According to the CDC, almost 34 million people in the United States have diabetes, with millions more undiagnosed. Another 88 million have prediabetes, and of these more than 84% do not know they have it.
Prediabetes is a health condition in which blood sugar levels are higher than normal, but not high enough to be diagnosed with type 2 diabetes, according to the CDC. Prediabetes puts a person at increased risk of developing type 2 diabetes, heart disease and stroke. Prediabetes is diagnosed with a blood test. The CDC recommends talking to your doctor about getting your blood sugar tested if you have risk factors for prediabetes:
- Being overweight
- Being 45 years old or older
- Having a parent or sibling with type 2 diabetes
- Are physically active less than three times a week
- Ever having diabetes during pregnancy or having a baby weighing more than 9 pounds
- Having polycystic ovary syndrome
Race and ethnicity are also a factor: African American, Hispanic/ Latino American, American Indian, Pacific Islander, and some Asian Americans are at greater risk.

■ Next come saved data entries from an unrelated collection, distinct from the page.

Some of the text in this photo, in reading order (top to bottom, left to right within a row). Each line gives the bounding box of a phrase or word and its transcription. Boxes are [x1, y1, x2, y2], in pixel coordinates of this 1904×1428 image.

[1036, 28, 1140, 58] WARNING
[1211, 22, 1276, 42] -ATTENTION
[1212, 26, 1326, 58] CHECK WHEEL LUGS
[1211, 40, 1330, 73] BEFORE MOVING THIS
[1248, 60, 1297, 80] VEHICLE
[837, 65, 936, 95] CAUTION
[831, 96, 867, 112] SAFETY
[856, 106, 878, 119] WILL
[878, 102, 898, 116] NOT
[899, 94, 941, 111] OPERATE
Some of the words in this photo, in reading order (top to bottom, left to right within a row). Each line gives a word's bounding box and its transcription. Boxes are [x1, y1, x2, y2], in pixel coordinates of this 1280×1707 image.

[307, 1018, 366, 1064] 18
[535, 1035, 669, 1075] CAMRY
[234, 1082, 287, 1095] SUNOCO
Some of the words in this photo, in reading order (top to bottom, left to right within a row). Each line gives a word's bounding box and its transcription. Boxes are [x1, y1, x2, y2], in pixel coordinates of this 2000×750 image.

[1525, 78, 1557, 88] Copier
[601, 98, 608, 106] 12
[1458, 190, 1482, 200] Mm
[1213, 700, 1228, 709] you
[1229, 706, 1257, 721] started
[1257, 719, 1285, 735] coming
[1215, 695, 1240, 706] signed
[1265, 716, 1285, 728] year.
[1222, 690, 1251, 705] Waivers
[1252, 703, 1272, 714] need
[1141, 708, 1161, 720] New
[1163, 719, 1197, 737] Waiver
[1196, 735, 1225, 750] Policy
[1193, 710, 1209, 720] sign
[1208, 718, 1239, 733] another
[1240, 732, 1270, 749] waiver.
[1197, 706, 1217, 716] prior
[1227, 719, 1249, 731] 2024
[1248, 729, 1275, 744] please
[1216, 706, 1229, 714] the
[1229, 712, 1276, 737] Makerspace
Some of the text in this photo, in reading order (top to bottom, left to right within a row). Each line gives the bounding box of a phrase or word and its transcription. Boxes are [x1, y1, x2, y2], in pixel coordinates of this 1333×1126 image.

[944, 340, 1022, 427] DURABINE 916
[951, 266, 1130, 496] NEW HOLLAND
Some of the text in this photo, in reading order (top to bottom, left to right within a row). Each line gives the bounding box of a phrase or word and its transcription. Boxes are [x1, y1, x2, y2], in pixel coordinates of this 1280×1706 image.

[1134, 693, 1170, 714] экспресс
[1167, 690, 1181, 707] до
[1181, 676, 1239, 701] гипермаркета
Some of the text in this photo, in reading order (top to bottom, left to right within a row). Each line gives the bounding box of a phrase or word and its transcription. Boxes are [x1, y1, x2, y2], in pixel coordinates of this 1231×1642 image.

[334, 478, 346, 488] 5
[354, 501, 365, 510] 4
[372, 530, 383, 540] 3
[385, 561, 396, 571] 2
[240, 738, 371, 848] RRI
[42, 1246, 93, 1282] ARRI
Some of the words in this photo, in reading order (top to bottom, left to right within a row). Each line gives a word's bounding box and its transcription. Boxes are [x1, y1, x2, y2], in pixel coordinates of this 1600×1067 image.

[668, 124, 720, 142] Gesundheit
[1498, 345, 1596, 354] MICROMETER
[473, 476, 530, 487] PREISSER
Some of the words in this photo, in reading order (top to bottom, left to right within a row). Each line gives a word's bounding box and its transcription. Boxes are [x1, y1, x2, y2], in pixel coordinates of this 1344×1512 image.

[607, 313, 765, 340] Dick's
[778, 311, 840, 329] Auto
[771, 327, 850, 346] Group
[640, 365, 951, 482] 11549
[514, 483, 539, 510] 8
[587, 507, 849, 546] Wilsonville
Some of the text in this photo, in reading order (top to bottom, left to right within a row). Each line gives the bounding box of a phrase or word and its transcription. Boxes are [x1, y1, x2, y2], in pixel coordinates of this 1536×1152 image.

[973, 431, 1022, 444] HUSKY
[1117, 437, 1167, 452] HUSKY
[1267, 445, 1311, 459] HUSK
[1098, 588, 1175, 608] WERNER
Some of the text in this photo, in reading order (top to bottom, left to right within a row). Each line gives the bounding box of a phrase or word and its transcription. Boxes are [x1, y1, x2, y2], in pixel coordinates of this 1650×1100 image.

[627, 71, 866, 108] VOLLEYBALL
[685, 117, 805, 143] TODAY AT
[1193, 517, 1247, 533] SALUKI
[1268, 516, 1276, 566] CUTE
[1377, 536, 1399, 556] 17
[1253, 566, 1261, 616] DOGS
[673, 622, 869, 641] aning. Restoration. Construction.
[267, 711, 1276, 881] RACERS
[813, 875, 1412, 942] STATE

If you have prediabetes, losing a small amount of weight if you are overweight and getting regular physical activity can lower your risk of developing type 2 diabetes.
Diabetes Alert Day, sponsored by the American Diabetes Association, is promoted on and around the fourth Tuesday every March. This year, it is on March 23. It is a “wake-up call” asking the American public to take the Diabetes Risk Test to find out if they are at risk for developing Type 2 diabetes.
Because this condition is increasing by large numbers yearly, the Wisconsin Lions Foundation and local Lions and Lioness Clubs are promoting Diabetes Alert Day throughout Wisconsin. The Cottage Grove Lions Club is participating in this event.
The Cottage Grove Lions will be sponsoring an informational booth at the Piggly Wiggly in Cottage Grove on Tuesday, March 23 from 2 to 6 p.m. Information about your risk of developing diabetes, prediabetes, and preventing diabetes will be available. You can also take the diabetes risk test at www.diabetes.org/risk-test. If you find out you are at risk, discuss diabetes prevention with your health care provider.